Growli

Fertilising guide

How to fertilise Echeveria 'Afterglow' (Echeveria 'Afterglow')— schedule & NPK

Also called Afterglow echeveria.

More about echeveria 'afterglow'

About Echeveria 'Afterglow'

Echeveria 'Afterglow' · also called Afterglow echeveria · houseplant

Echeveria 'Afterglow' is a large hybrid succulent forming wide rosettes of powdery lavender-pink leaves edged in bright pink, intensifying under strong light. Bred by Don Worth, it grows up to 30 cm across and sends up coral-orange flower spikes in summer. Treat it as a sun-loving, drought-tolerant houseplant needing fast-draining gritty soil.

Growth habit: Evergreen rosette-forming succulent; grows as a single large, flat rosette that slowly offsets at the base and arches up coral flower stalks in summer.

Watch for — Lost colour / pale green leaves: The lavender-pink fades to plain green in low light. More direct sun brings the pink edges and farina back.

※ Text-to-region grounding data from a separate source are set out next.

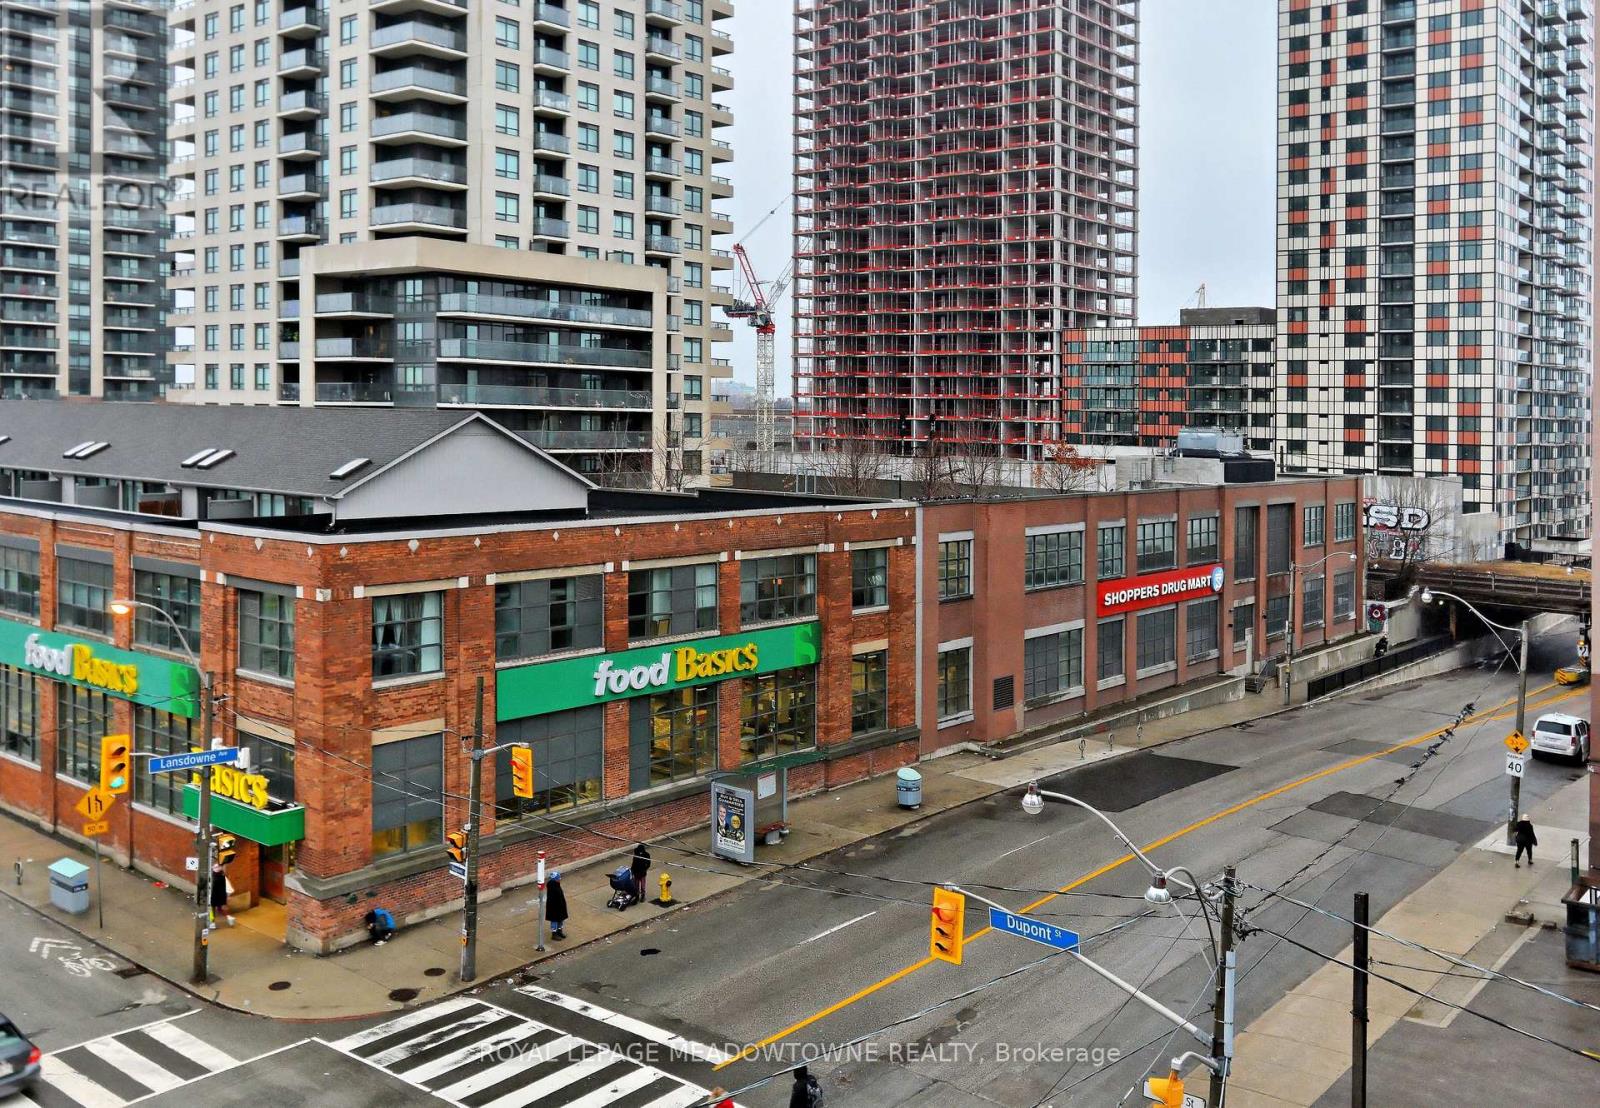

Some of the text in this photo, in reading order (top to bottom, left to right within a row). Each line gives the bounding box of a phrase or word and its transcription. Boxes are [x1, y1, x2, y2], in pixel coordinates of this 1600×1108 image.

[1362, 504, 1430, 531] SD
[1104, 575, 1212, 606] SHOPPERS DRUG MART
[24, 633, 138, 697] food Basics
[593, 643, 759, 697] food Basics
[160, 753, 217, 769] Lansdowne
[1508, 761, 1522, 773] 40
[1006, 914, 1062, 941] Dupont St
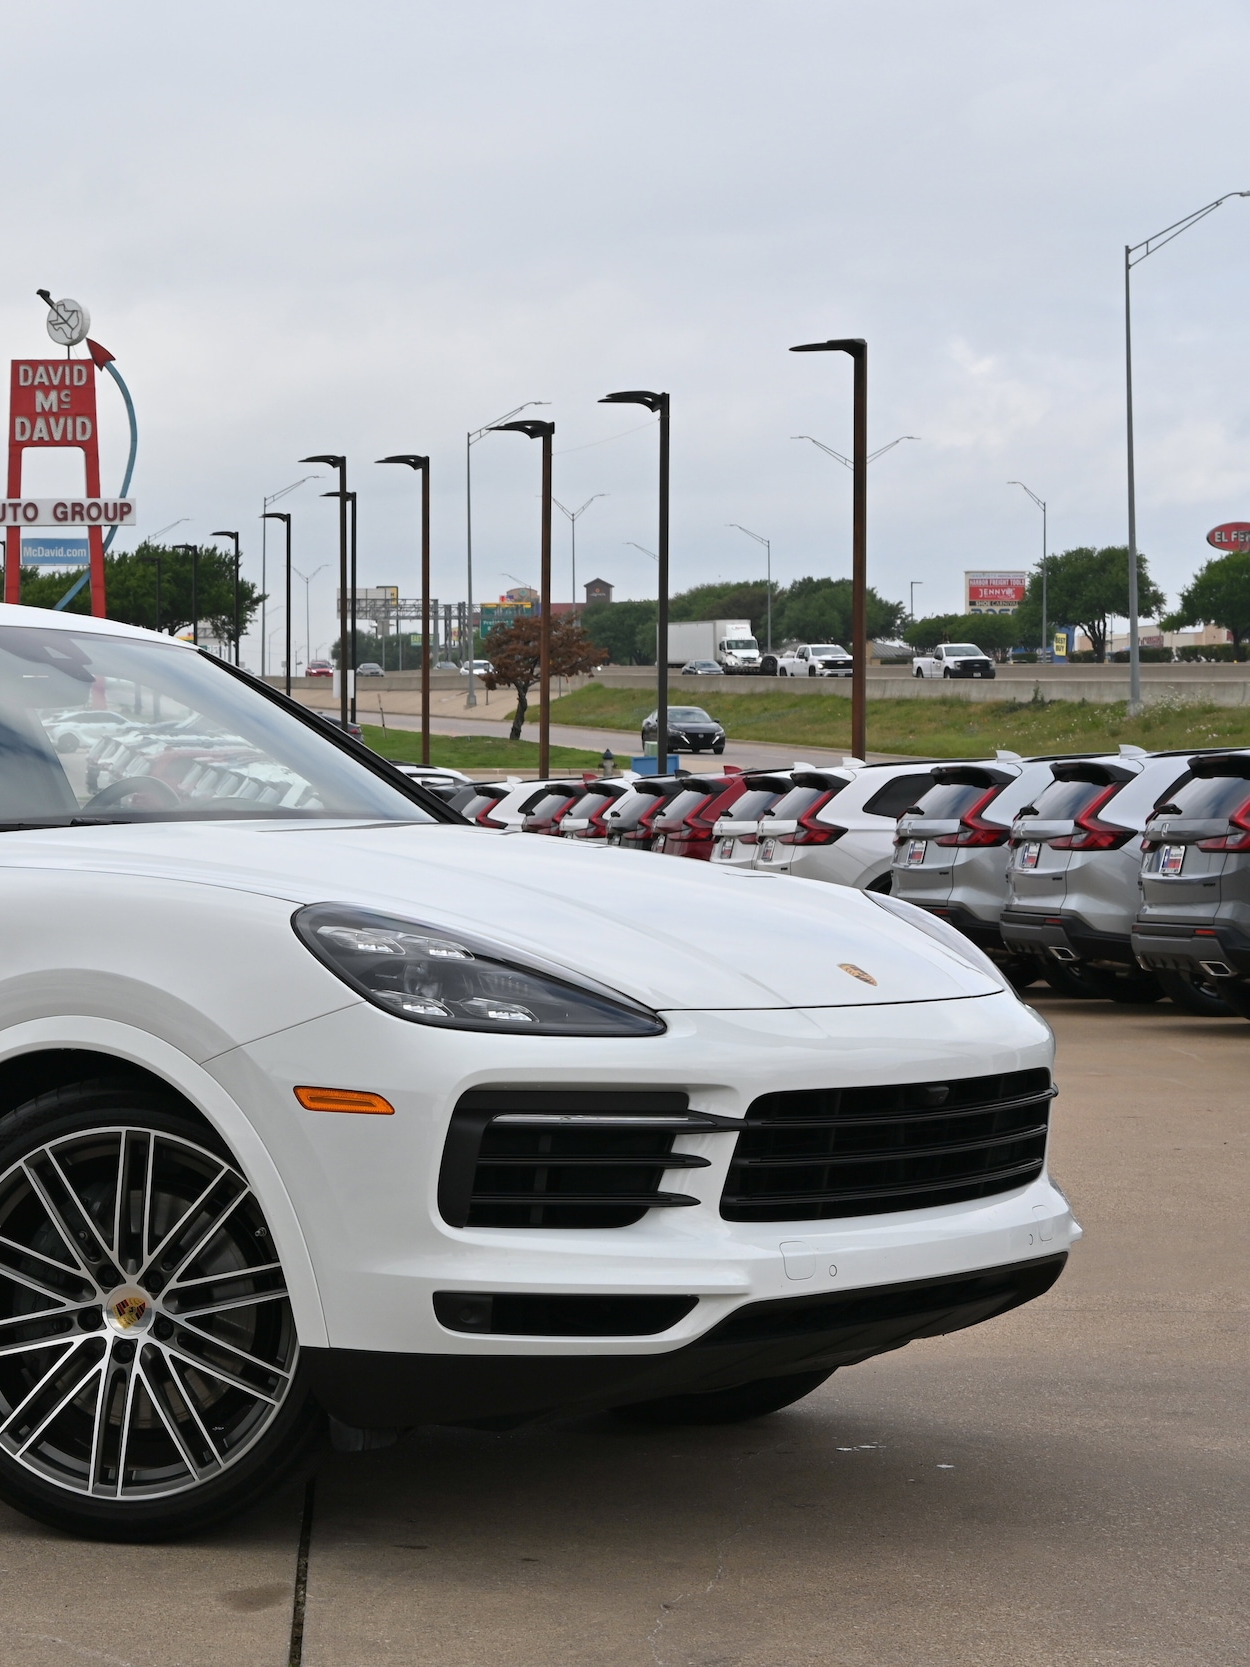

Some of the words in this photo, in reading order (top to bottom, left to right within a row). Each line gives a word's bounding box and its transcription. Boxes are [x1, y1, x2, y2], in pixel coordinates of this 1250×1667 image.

[19, 364, 87, 386] DAVID
[14, 416, 92, 441] DAVID
[53, 502, 132, 522] GROUP
[1215, 531, 1228, 542] EL
[23, 546, 87, 557] McDavid.com
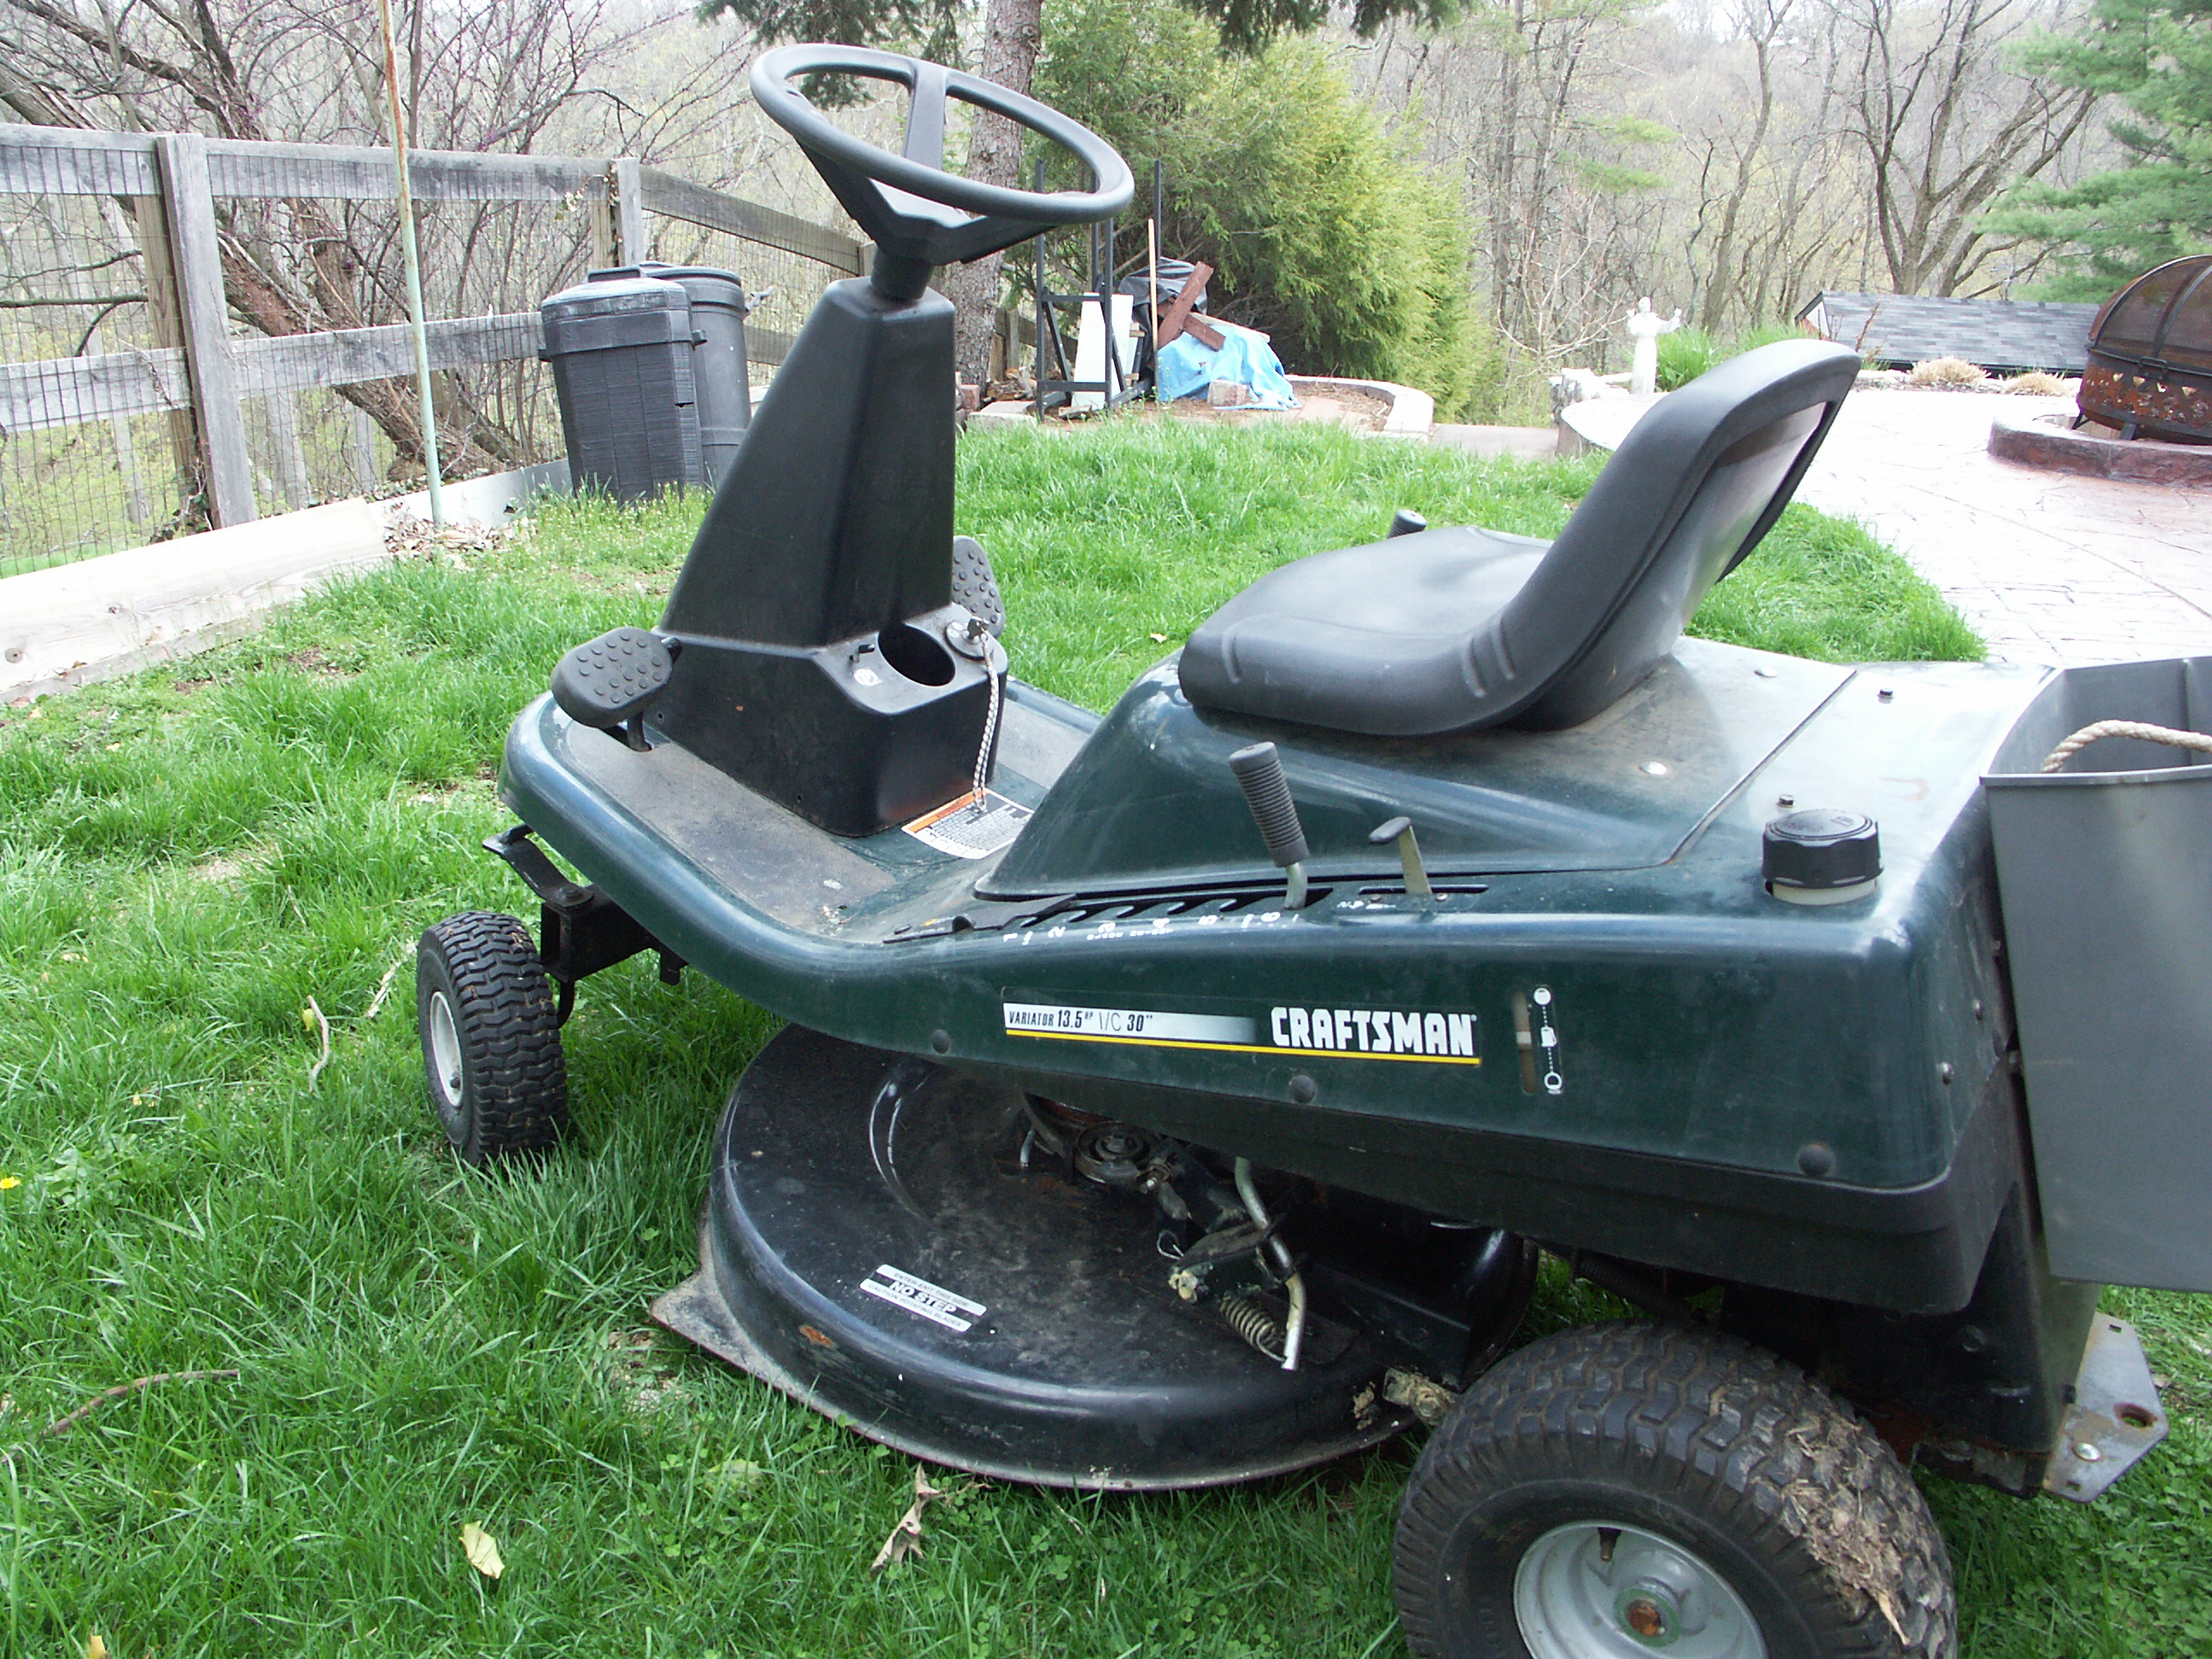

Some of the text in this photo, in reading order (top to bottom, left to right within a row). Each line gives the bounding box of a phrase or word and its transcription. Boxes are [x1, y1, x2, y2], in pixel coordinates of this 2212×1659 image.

[1008, 1010, 1054, 1027] VARIATOR
[1270, 1006, 1475, 1056] CRAFTSMAN
[889, 1281, 957, 1313] NO STEP
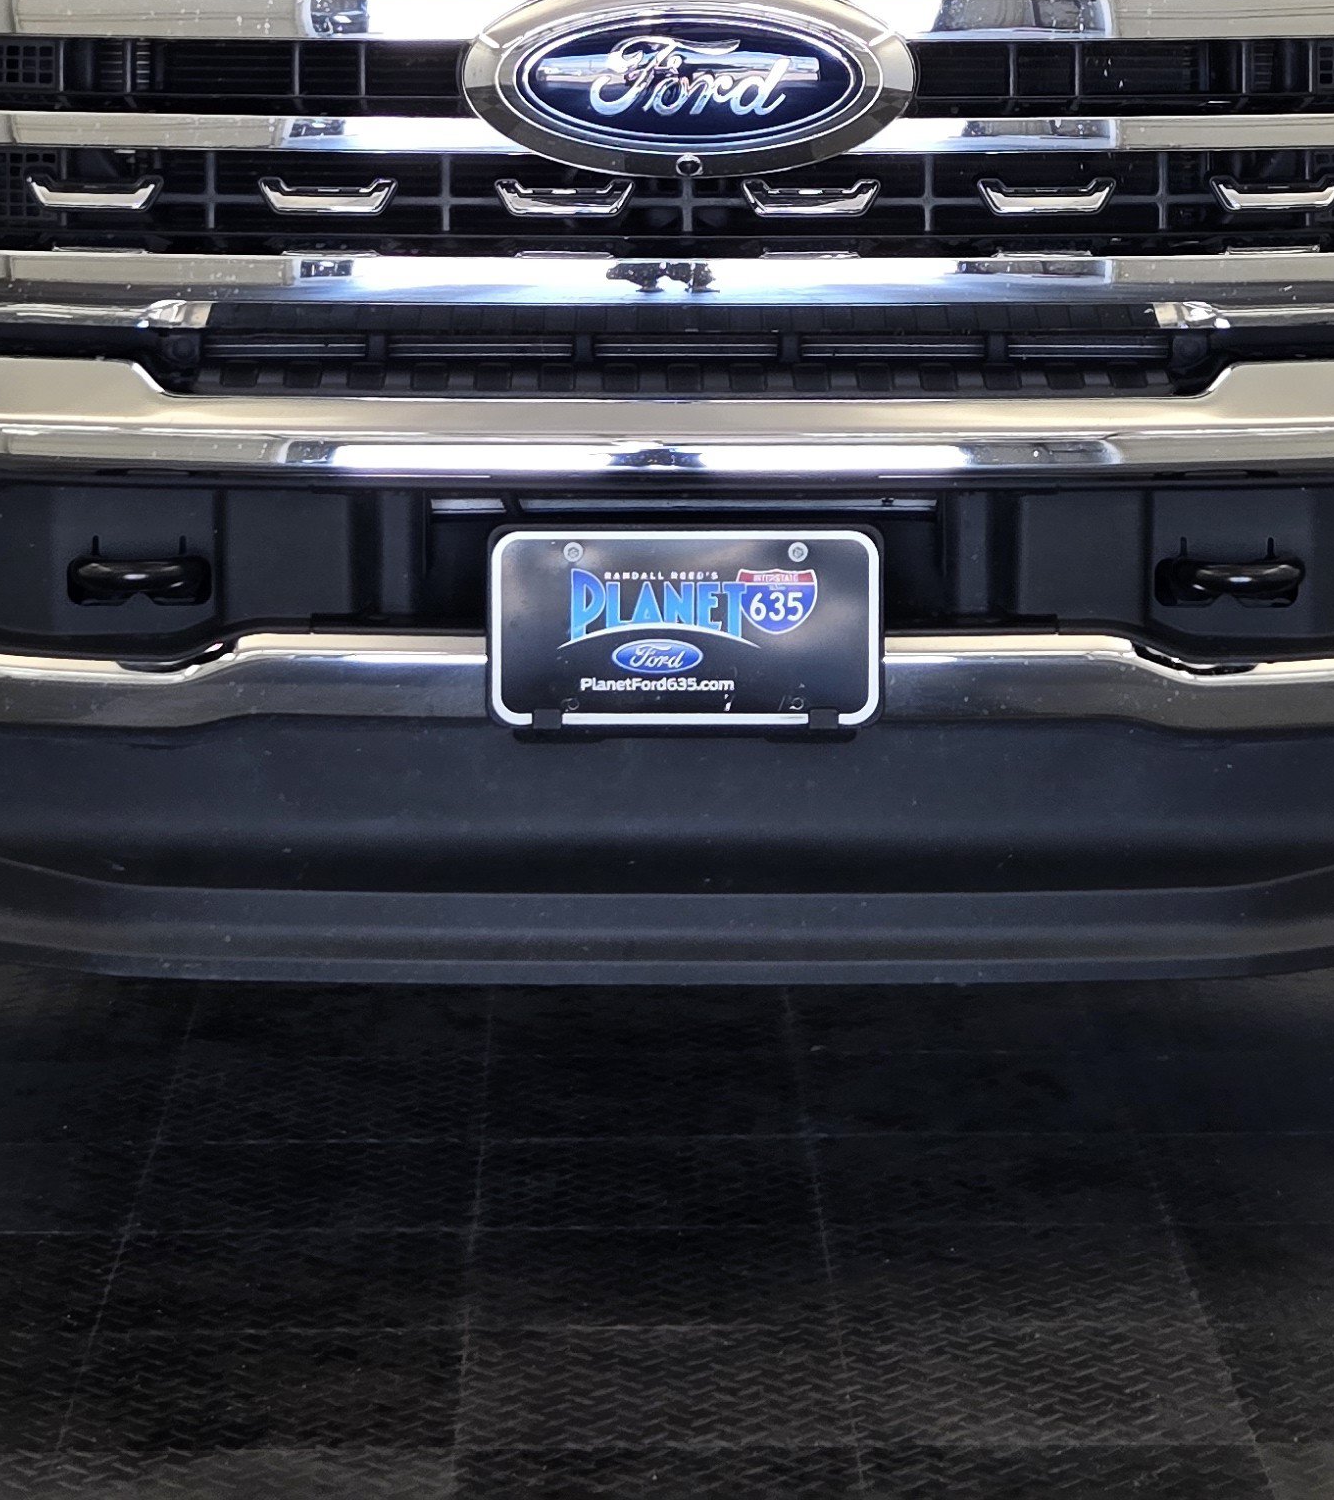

What fertiliser echeveria 'afterglow' actually wants — and why

Echeveria 'Afterglow' is a light-feeding succulent — a gentle, low-nitrogen feed a few times in growth keeps it plump without forcing the weak, stretched growth over-feeding causes.

A cactus and succulent formula or a diluted balanced feed with modest, even numbers. Avoid high-nitrogen plant foods — they make a succulent etiolate and grow soft, fracture-prone tissue.

For the language behind the three numbers on the bottle — what nitrogen, phosphorus and potassium each do — see the NPK ratio explained entry. The short version for echeveria 'afterglow': match the feed to the job the plant is doing right now, not to a generic “plant food” on the shelf.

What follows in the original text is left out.